Goal of the exercise:
Give the records below again exactly, and exclude each picture.

..........

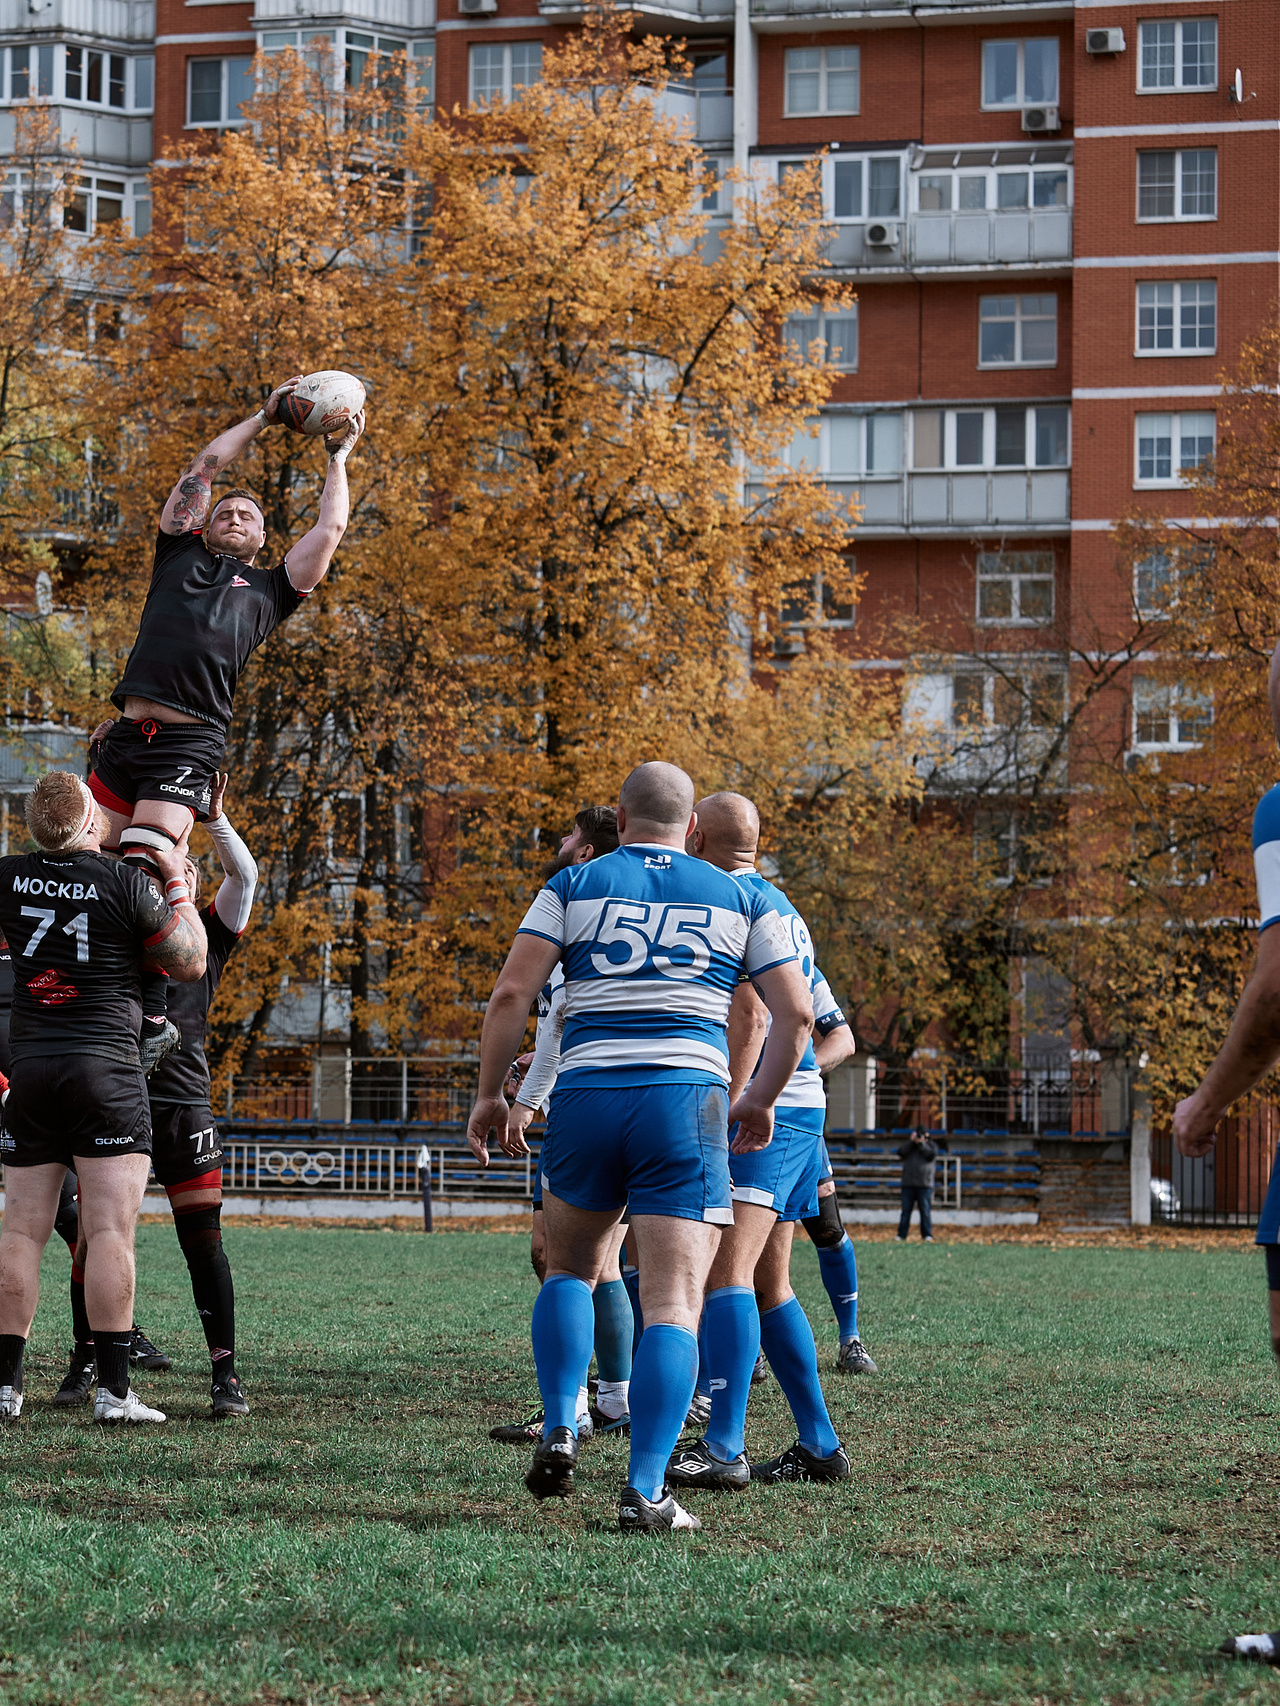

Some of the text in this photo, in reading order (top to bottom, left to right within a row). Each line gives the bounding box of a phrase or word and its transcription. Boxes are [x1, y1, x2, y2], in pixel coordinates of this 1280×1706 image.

[174, 766, 193, 784] 7
[13, 875, 99, 900] МОСКВА
[20, 905, 90, 963] 71
[590, 899, 712, 979] 55
[189, 1128, 215, 1153] 77
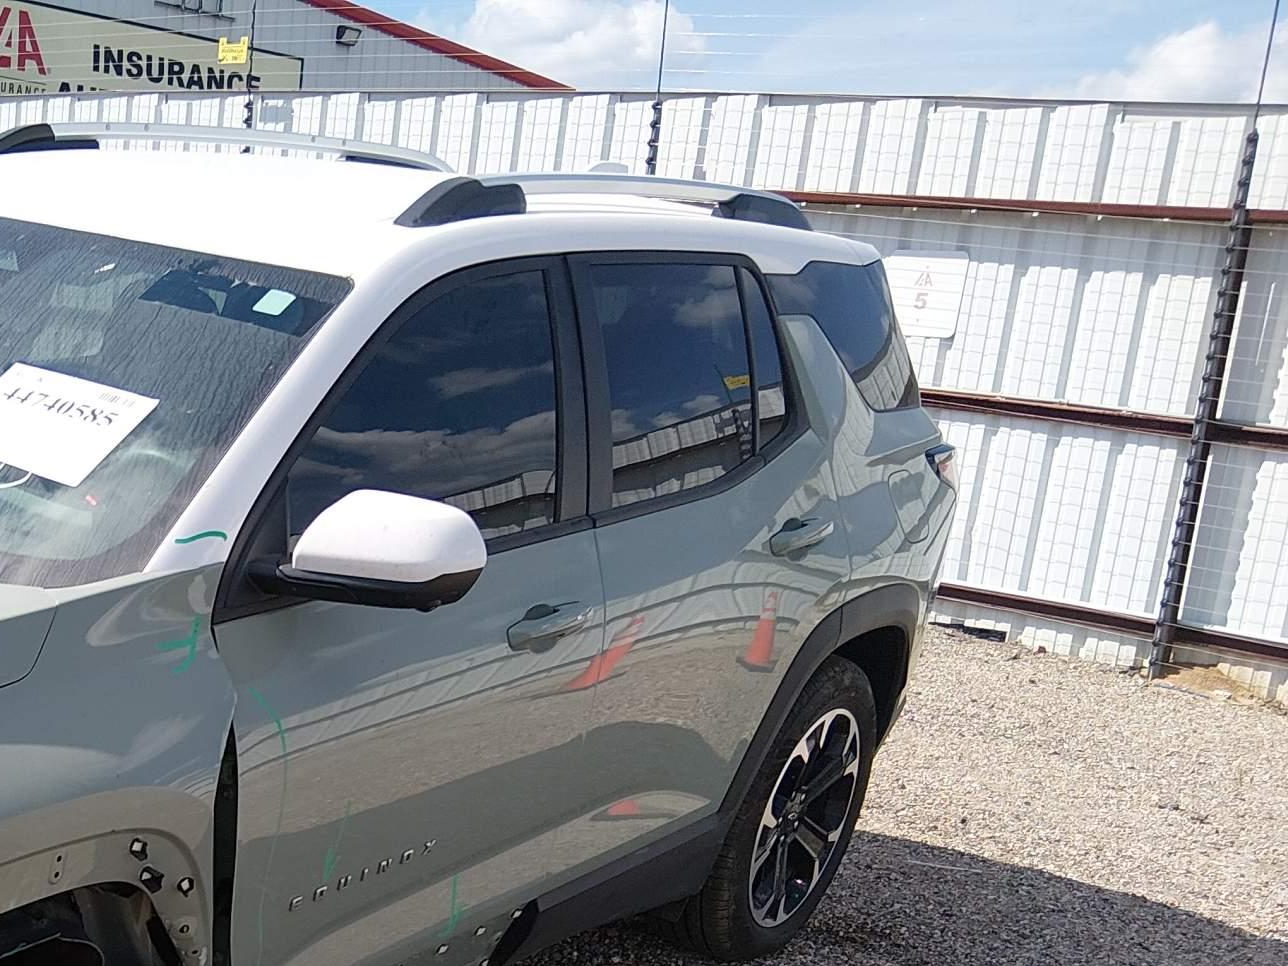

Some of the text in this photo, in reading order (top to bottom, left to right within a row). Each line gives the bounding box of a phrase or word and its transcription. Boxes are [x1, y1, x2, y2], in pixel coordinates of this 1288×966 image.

[913, 292, 929, 310] 5
[3, 387, 119, 426] 44740585
[288, 838, 437, 912] EQUINOX
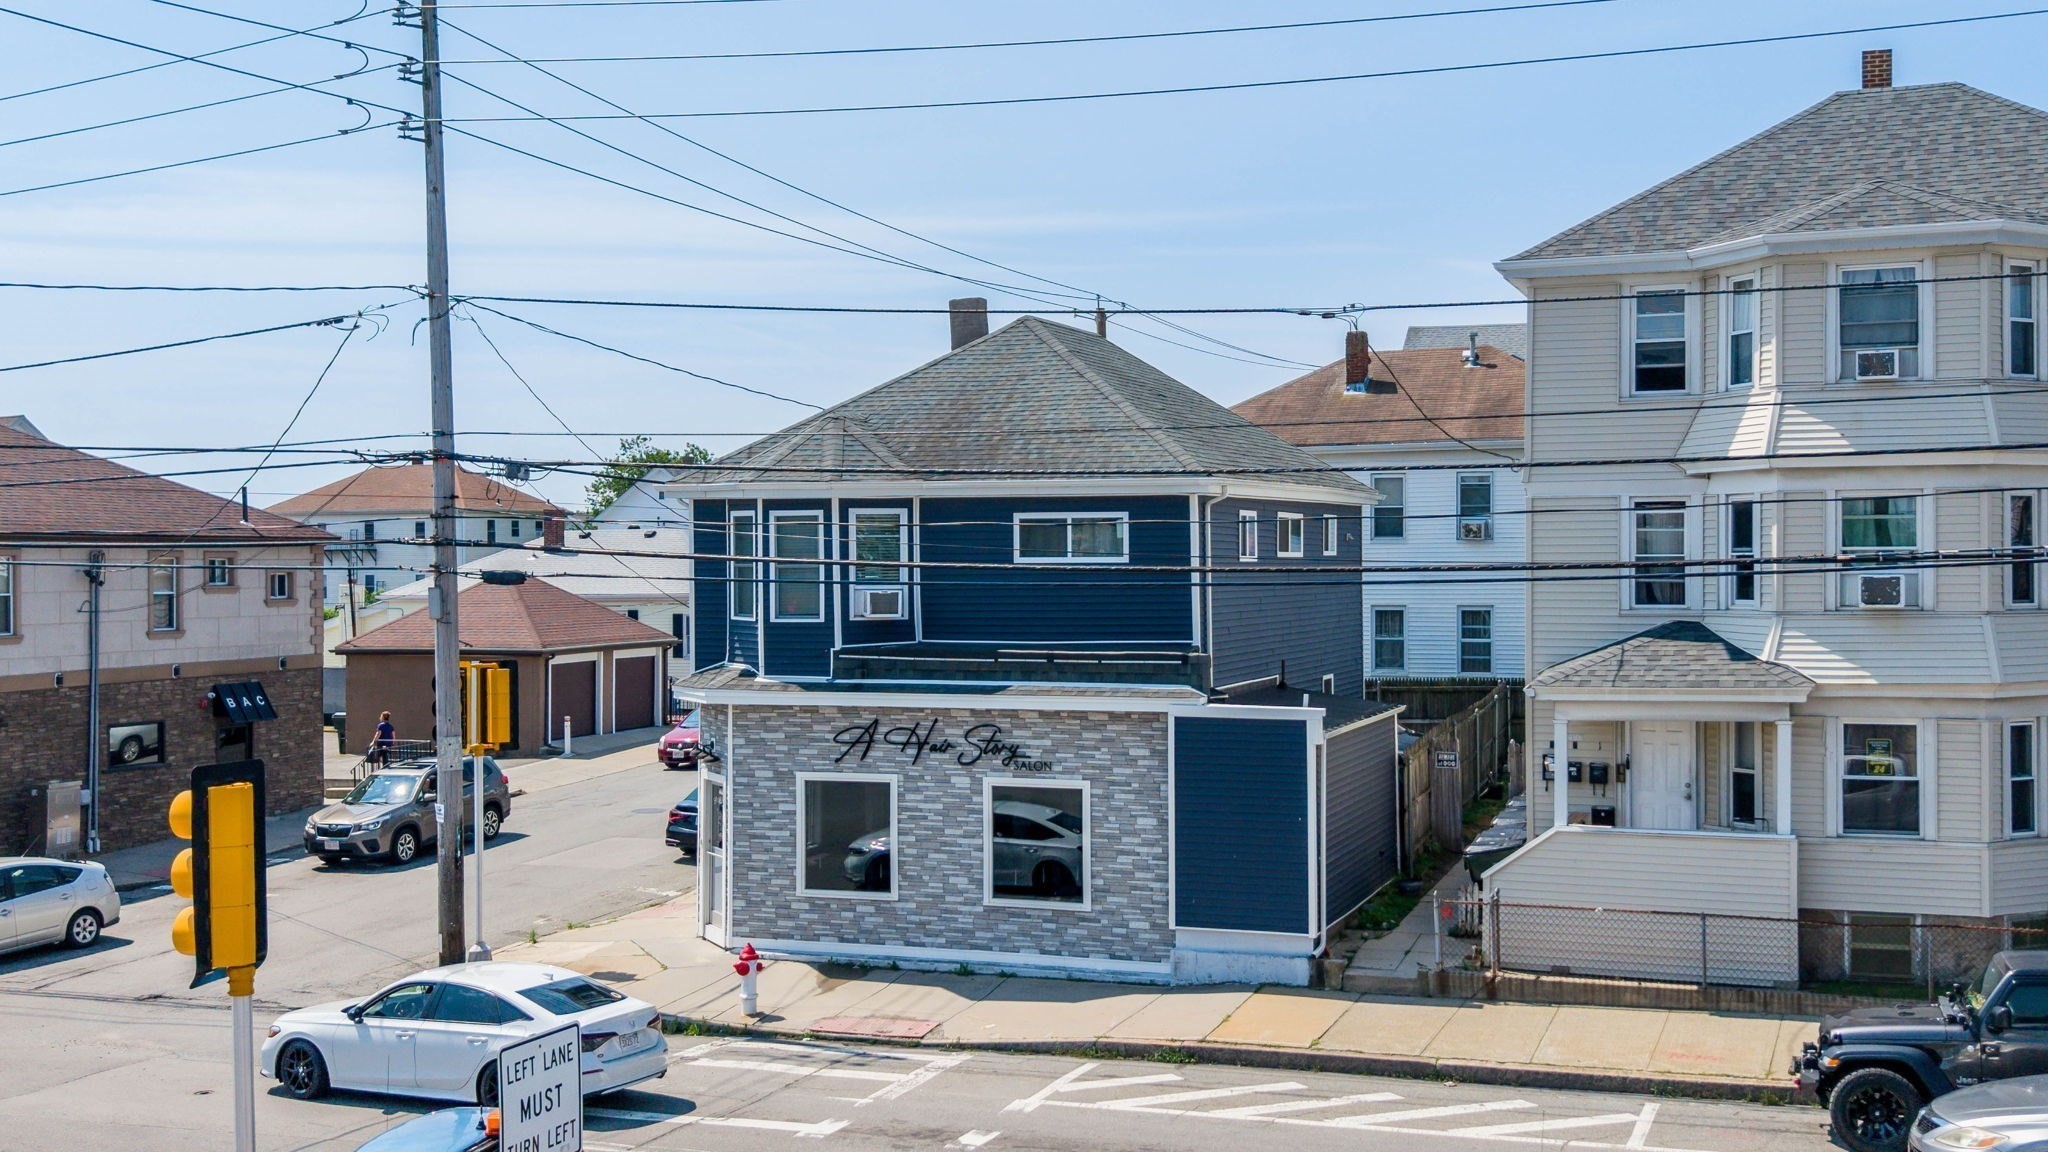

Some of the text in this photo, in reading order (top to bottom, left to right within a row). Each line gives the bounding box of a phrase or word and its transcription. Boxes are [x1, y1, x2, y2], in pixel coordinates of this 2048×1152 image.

..........

Your solution:
Some of the text in this photo, in reading order (top to bottom, left to right within a row). Each line gives the bounding box of a phrase or word and its transcription. Boxes are [x1, y1, x2, y2], in pixel coordinates of this 1280×1706 image.

[174, 766, 193, 784] 7
[13, 875, 99, 900] МОСКВА
[20, 905, 90, 963] 71
[590, 899, 712, 979] 55
[189, 1128, 215, 1153] 77

Some of the text in this photo, in reading order (top to bottom, left to right within a row). Each line gives the bounding box of a phrase or word and its transcription. Boxes are [x1, y1, x2, y2], in pixel coordinates of this 1288×966 image.

[913, 292, 929, 310] 5
[3, 387, 119, 426] 44740585
[288, 838, 437, 912] EQUINOX

Some of the text in this photo, in reading order (top to bottom, left to right within a row). Each line gives the bounding box of a phrase or word and its transcription. Boxes are [x1, y1, x2, y2], in pixel coordinates of this 2048×1152 image.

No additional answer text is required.